> _Listed records_
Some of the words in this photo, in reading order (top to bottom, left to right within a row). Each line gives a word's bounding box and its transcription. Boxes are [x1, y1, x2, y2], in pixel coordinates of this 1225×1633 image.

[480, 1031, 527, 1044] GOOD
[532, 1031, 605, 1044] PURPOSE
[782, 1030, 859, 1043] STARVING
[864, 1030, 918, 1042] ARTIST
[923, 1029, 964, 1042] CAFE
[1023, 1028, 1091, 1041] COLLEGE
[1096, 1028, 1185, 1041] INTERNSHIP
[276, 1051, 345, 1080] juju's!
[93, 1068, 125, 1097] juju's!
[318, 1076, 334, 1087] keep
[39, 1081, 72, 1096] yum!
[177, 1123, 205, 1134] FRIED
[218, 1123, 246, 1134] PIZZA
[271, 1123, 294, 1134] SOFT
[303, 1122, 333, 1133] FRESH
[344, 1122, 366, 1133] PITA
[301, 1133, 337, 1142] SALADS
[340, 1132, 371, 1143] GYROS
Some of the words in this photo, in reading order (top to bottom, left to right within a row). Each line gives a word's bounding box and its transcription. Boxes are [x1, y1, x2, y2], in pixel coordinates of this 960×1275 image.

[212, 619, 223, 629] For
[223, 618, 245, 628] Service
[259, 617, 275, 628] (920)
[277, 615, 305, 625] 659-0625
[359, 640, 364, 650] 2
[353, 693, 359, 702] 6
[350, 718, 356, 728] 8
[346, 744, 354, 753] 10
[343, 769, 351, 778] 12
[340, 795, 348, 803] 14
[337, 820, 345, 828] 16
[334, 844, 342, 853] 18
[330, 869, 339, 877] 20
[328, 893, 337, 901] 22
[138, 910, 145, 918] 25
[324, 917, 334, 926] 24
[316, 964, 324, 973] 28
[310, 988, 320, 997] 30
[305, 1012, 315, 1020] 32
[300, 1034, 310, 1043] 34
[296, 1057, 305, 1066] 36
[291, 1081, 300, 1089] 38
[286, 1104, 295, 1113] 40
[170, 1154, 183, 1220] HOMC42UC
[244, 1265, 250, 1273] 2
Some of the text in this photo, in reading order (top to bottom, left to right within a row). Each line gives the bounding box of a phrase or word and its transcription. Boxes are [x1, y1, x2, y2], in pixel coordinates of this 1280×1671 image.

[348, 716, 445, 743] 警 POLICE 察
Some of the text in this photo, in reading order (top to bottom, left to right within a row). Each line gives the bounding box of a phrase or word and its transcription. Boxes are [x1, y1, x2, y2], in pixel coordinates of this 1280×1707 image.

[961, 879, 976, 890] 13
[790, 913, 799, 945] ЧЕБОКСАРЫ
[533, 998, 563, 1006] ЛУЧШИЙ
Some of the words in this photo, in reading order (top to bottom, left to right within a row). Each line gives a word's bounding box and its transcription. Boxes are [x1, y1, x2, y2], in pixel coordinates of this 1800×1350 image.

> _Aim of the task_
One exact transcript of the whole listing is the expected answer.

> _Solution to this exercise_
Some of the words in this photo, in reading order (top to bottom, left to right within a row). Each line gives a word's bounding box and its transcription. Boxes are [x1, y1, x2, y2], in pixel coordinates of this 1225×1633 image.

[480, 1031, 527, 1044] GOOD
[532, 1031, 605, 1044] PURPOSE
[782, 1030, 859, 1043] STARVING
[864, 1030, 918, 1042] ARTIST
[923, 1029, 964, 1042] CAFE
[1023, 1028, 1091, 1041] COLLEGE
[1096, 1028, 1185, 1041] INTERNSHIP
[276, 1051, 345, 1080] juju's!
[93, 1068, 125, 1097] juju's!
[318, 1076, 334, 1087] keep
[39, 1081, 72, 1096] yum!
[177, 1123, 205, 1134] FRIED
[218, 1123, 246, 1134] PIZZA
[271, 1123, 294, 1134] SOFT
[303, 1122, 333, 1133] FRESH
[344, 1122, 366, 1133] PITA
[301, 1133, 337, 1142] SALADS
[340, 1132, 371, 1143] GYROS
Some of the words in this photo, in reading order (top to bottom, left to right within a row). Each line gives a word's bounding box and its transcription. Boxes are [x1, y1, x2, y2], in pixel coordinates of this 960×1275 image.

[212, 619, 223, 629] For
[223, 618, 245, 628] Service
[259, 617, 275, 628] (920)
[277, 615, 305, 625] 659-0625
[359, 640, 364, 650] 2
[353, 693, 359, 702] 6
[350, 718, 356, 728] 8
[346, 744, 354, 753] 10
[343, 769, 351, 778] 12
[340, 795, 348, 803] 14
[337, 820, 345, 828] 16
[334, 844, 342, 853] 18
[330, 869, 339, 877] 20
[328, 893, 337, 901] 22
[138, 910, 145, 918] 25
[324, 917, 334, 926] 24
[316, 964, 324, 973] 28
[310, 988, 320, 997] 30
[305, 1012, 315, 1020] 32
[300, 1034, 310, 1043] 34
[296, 1057, 305, 1066] 36
[291, 1081, 300, 1089] 38
[286, 1104, 295, 1113] 40
[170, 1154, 183, 1220] HOMC42UC
[244, 1265, 250, 1273] 2
Some of the text in this photo, in reading order (top to bottom, left to right within a row). Each line gives the bounding box of a phrase or word and its transcription. Boxes are [x1, y1, x2, y2], in pixel coordinates of this 1280×1671 image.

[348, 716, 445, 743] 警 POLICE 察
Some of the text in this photo, in reading order (top to bottom, left to right within a row). Each line gives the bounding box of a phrase or word and its transcription. Boxes are [x1, y1, x2, y2], in pixel coordinates of this 1280×1707 image.

[961, 879, 976, 890] 13
[790, 913, 799, 945] ЧЕБОКСАРЫ
[533, 998, 563, 1006] ЛУЧШИЙ
Some of the words in this photo, in reading order (top to bottom, left to right within a row). Each line gives a word's bounding box and its transcription. Boxes are [x1, y1, x2, y2], in pixel coordinates of this 1800×1350 image.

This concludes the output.